EXERCISE DIRECTIONS.
Could you transcribe all the entries exactly, omitting the pictures?

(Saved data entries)
══════════════════════════════

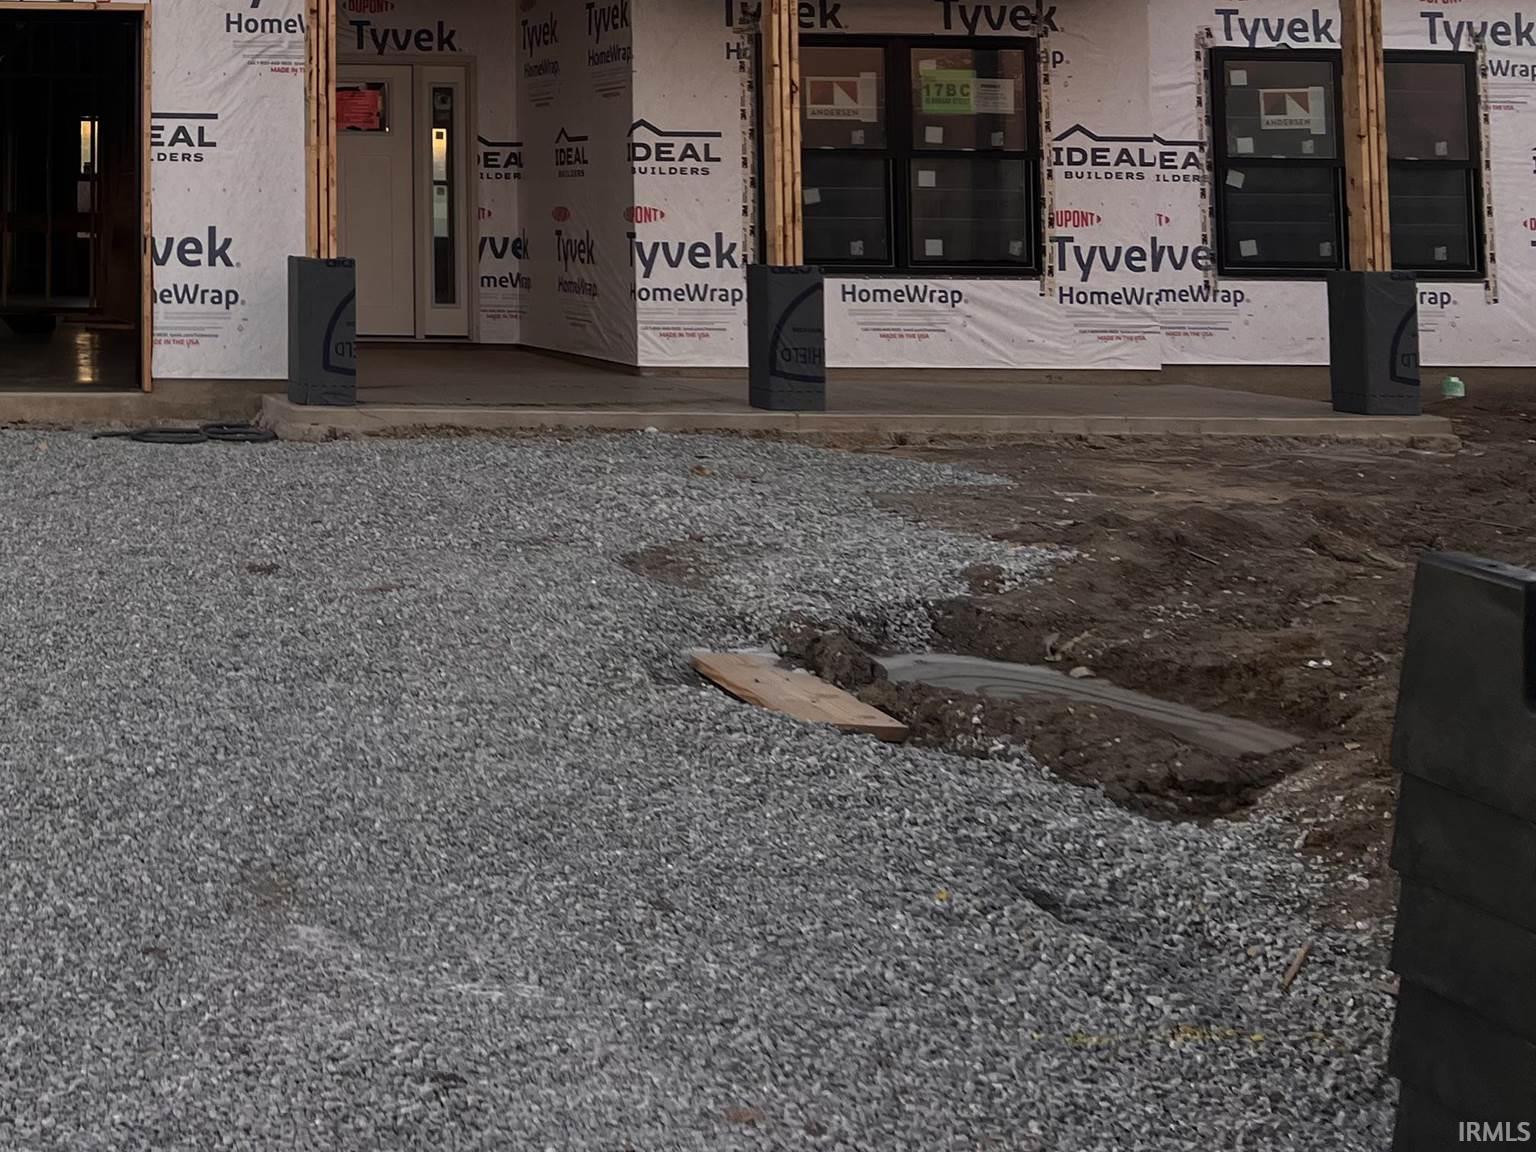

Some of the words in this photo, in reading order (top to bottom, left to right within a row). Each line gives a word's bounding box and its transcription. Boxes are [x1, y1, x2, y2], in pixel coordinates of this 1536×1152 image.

[348, 0, 390, 14] DUPONT
[349, 20, 457, 55] Tyvek
[521, 12, 558, 58] Tyvek
[1215, 9, 1336, 47] Tyvek
[151, 152, 204, 162] DERS
[555, 146, 588, 166] IDEAL
[627, 143, 721, 162] IDEAL
[1064, 171, 1145, 181] BUILDERS
[626, 232, 738, 278] Tyvek
[841, 284, 963, 307] HomeWrap
[1419, 291, 1451, 308] rap

══════════════════════════════

TASK ANSWER.
Some of the words in this photo, in reading order (top to bottom, left to right within a row). Each line gives a word's bounding box and its transcription. Boxes are [x1, y1, x2, y2], in pixel coordinates of this 1536×1152 image.

[348, 0, 390, 14] DUPONT
[349, 20, 457, 55] Tyvek
[521, 12, 558, 58] Tyvek
[1215, 9, 1336, 47] Tyvek
[151, 152, 204, 162] DERS
[555, 146, 588, 166] IDEAL
[627, 143, 721, 162] IDEAL
[1064, 171, 1145, 181] BUILDERS
[626, 232, 738, 278] Tyvek
[841, 284, 963, 307] HomeWrap
[1419, 291, 1451, 308] rap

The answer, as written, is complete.